__TASK OBJECTIVE__
Could you please retype the records exactly, minus their pictures?

Dataset entries
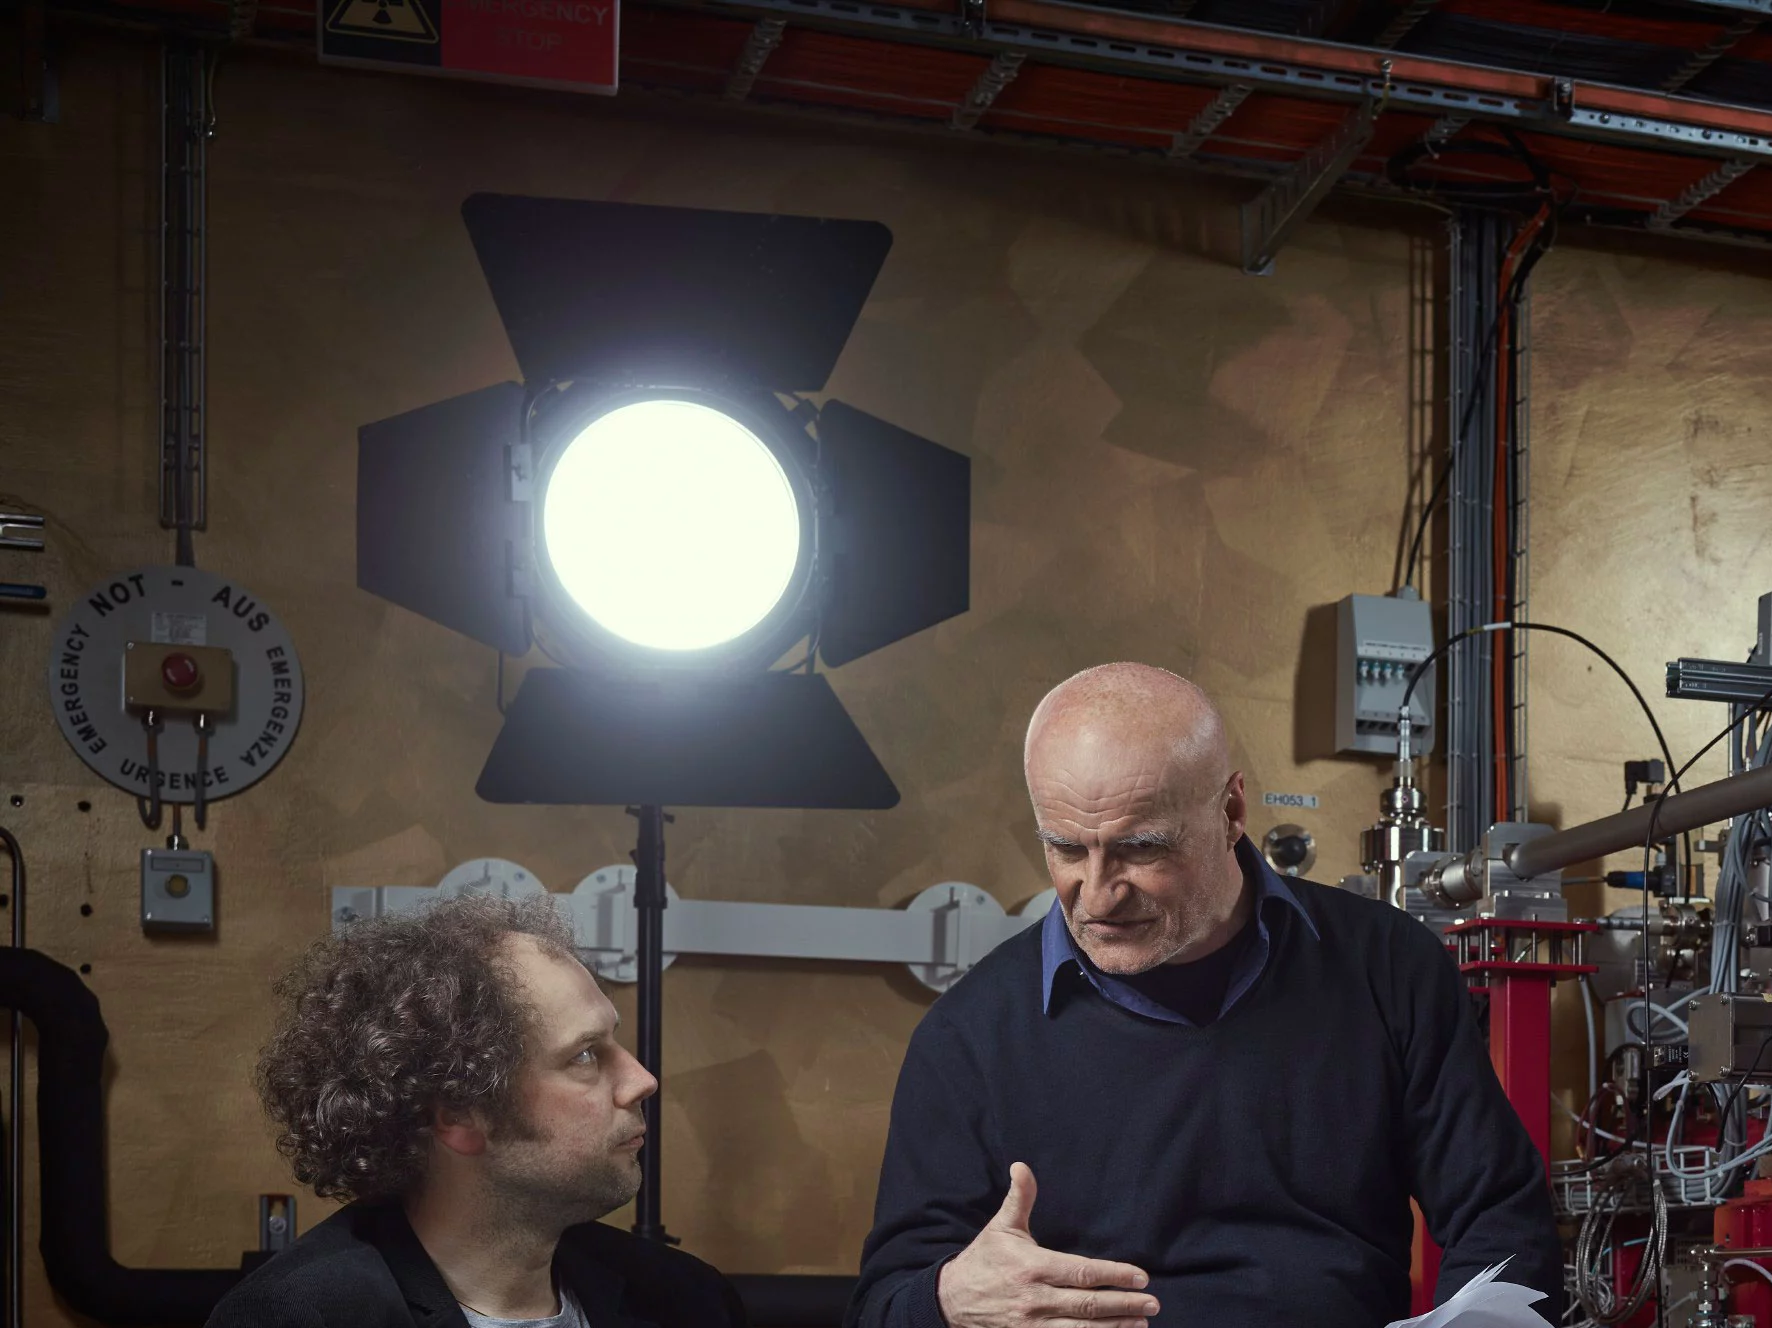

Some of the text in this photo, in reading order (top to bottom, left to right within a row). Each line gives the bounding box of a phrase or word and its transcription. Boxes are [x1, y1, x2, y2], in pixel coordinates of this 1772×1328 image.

[495, 26, 563, 50] STOP
[89, 574, 148, 618] NOT
[211, 586, 270, 634] AUS
[60, 624, 108, 755] EMERGENCY
[239, 645, 292, 767] EMERGENZA

__TASK OUTPUT__
Some of the text in this photo, in reading order (top to bottom, left to right within a row). Each line gives the bounding box of a phrase or word and its transcription. Boxes are [x1, y1, x2, y2], in pixel coordinates of this 1772×1328 image.

[495, 26, 563, 50] STOP
[89, 574, 148, 618] NOT
[211, 586, 270, 634] AUS
[60, 624, 108, 755] EMERGENCY
[239, 645, 292, 767] EMERGENZA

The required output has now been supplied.